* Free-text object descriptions

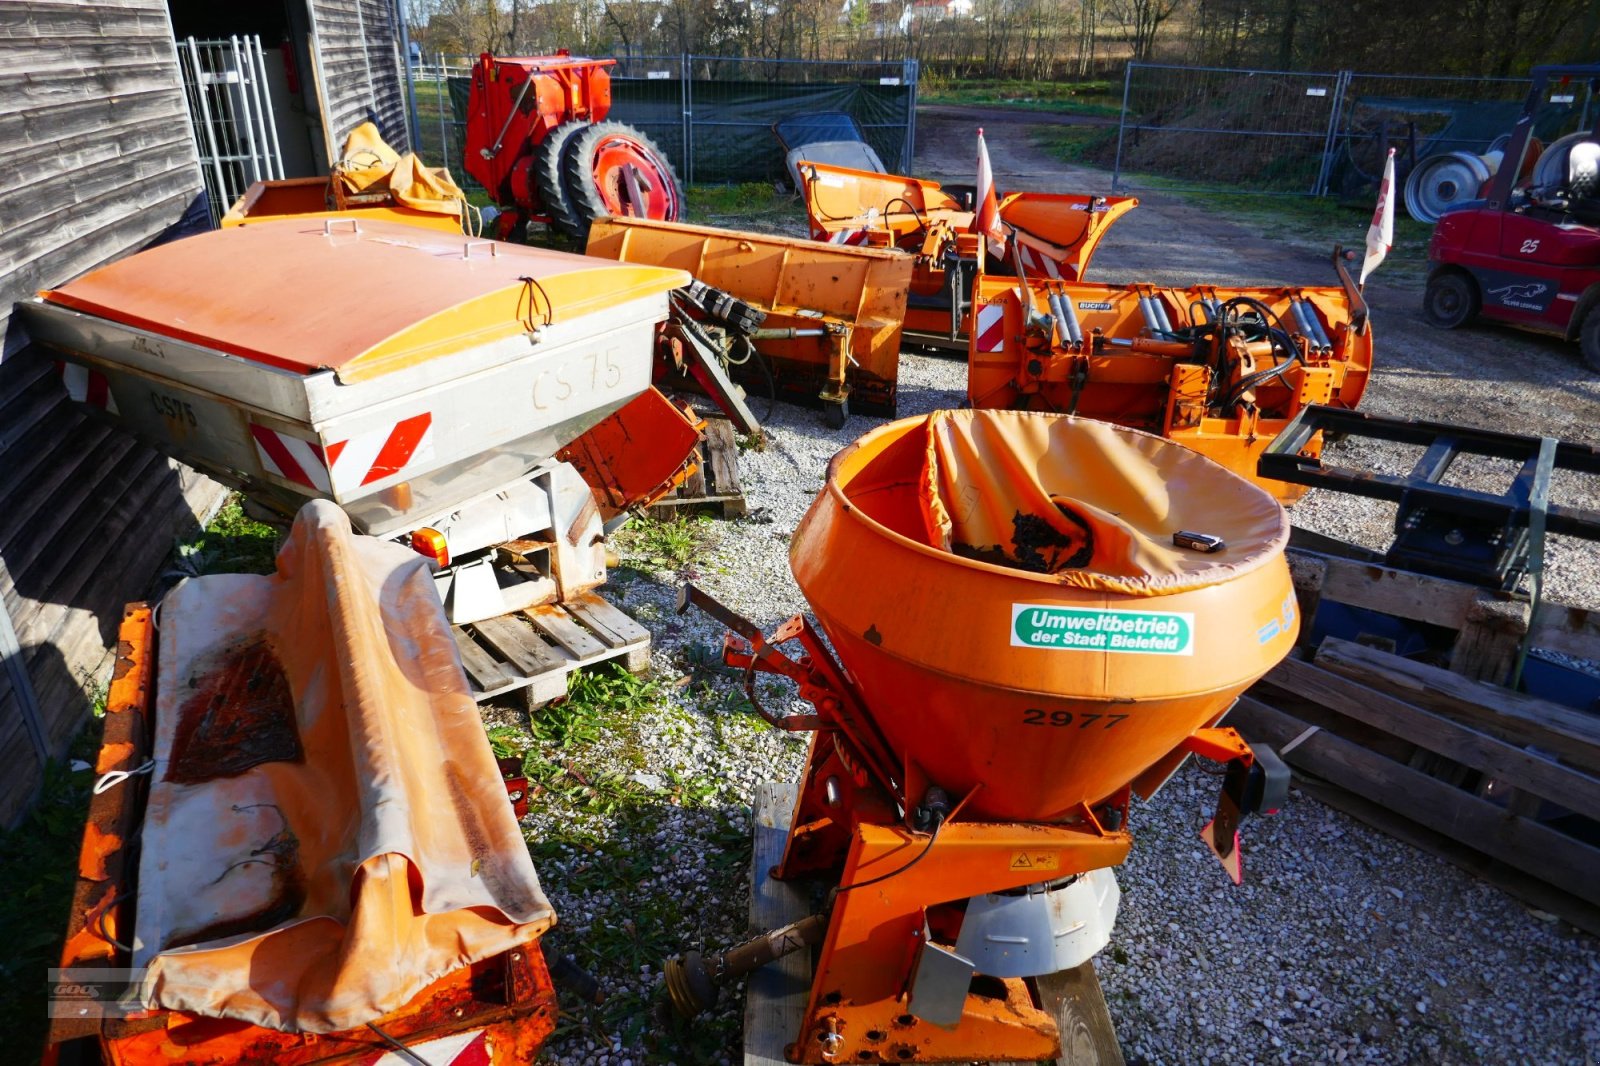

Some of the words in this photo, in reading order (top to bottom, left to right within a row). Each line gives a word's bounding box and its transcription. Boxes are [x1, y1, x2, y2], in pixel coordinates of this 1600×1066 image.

[1520, 239, 1540, 253] 25
[1031, 610, 1180, 635] Umweltbetrieb
[1031, 630, 1060, 644] der
[1063, 631, 1107, 647] Stadt
[1110, 634, 1179, 650] Bielefeld
[1023, 708, 1130, 730] 2977
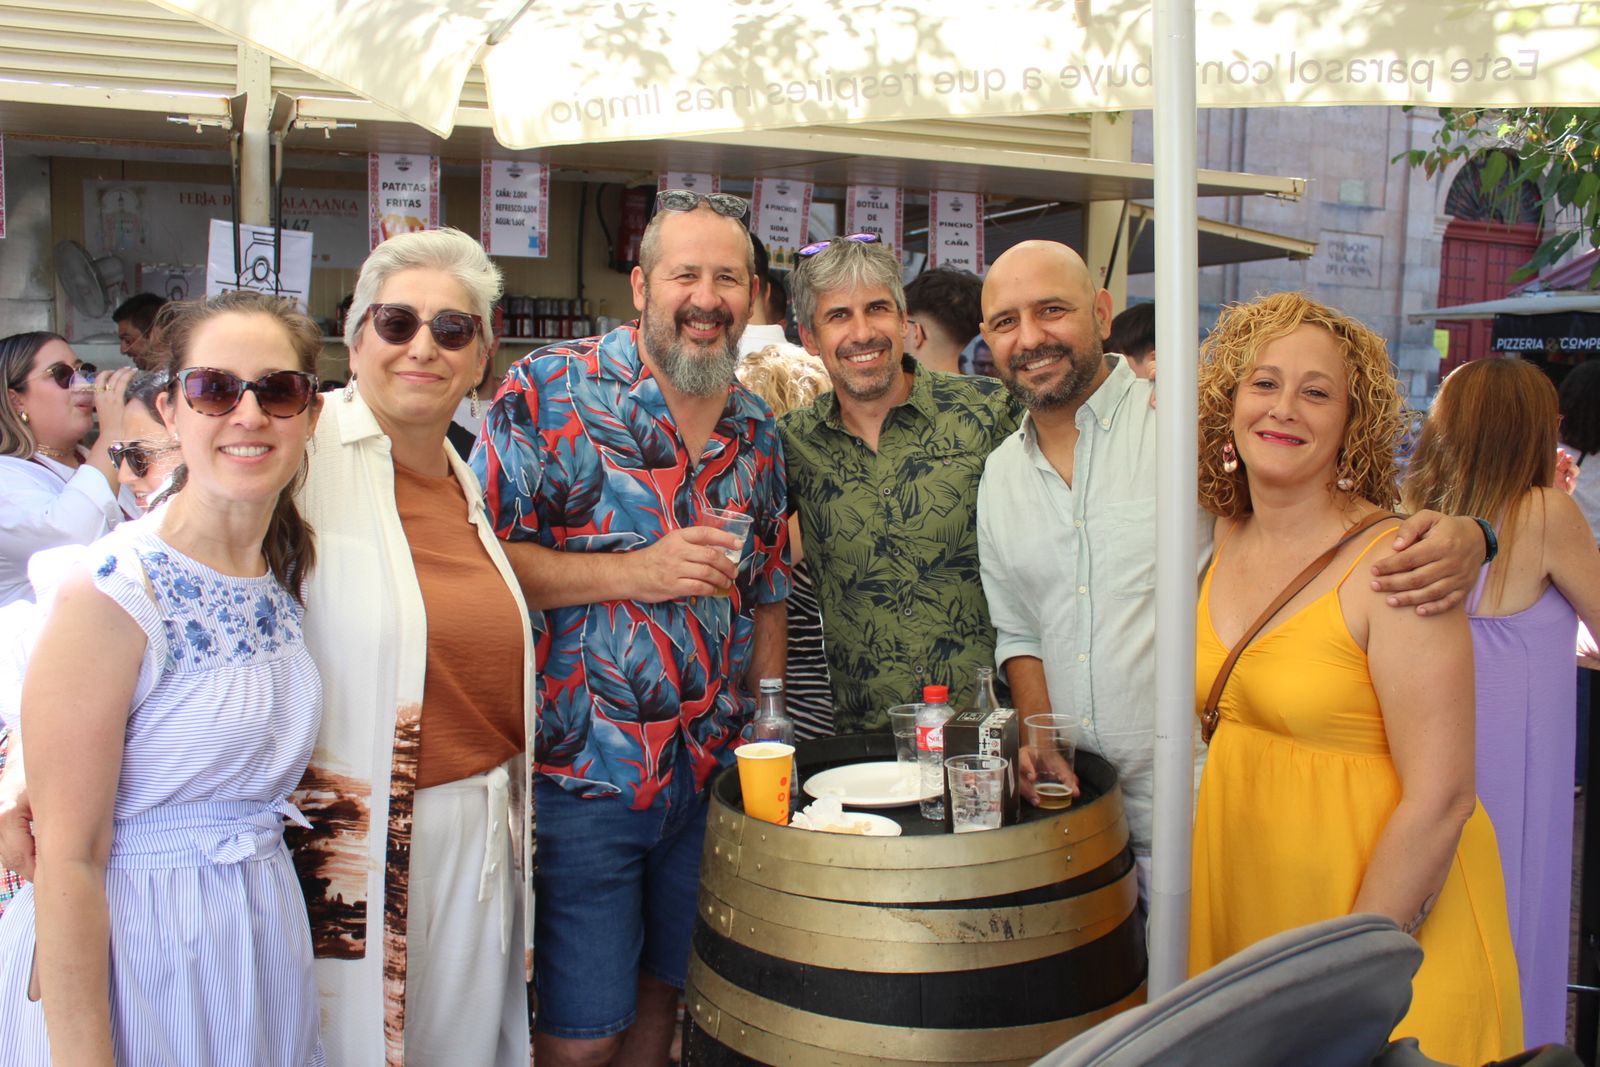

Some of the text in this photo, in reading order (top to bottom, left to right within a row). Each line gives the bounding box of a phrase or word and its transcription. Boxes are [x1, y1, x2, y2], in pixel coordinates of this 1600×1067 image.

[382, 182, 426, 192] PATATAS
[281, 196, 358, 211] ALAMANCA
[386, 199, 421, 208] FRITAS
[856, 200, 889, 209] BOTELLA
[770, 204, 797, 213] PINCHOS
[770, 224, 788, 233] SIDRA
[939, 221, 973, 229] PINCHO
[944, 239, 970, 247] CAÑA
[1496, 338, 1544, 350] PIZZERIA

* PROBLEM TO SOLVE
Starting at the line that contains "Some of the text", write out every line through the last one in the data above, exactly as it stands.

* RESULT BELOW
Some of the text in this photo, in reading order (top to bottom, left to right within a row). Each line gives the bounding box of a phrase or word and its transcription. Boxes are [x1, y1, x2, y2], in pixel coordinates of this 1600×1067 image.

[382, 182, 426, 192] PATATAS
[281, 196, 358, 211] ALAMANCA
[386, 199, 421, 208] FRITAS
[856, 200, 889, 209] BOTELLA
[770, 204, 797, 213] PINCHOS
[770, 224, 788, 233] SIDRA
[939, 221, 973, 229] PINCHO
[944, 239, 970, 247] CAÑA
[1496, 338, 1544, 350] PIZZERIA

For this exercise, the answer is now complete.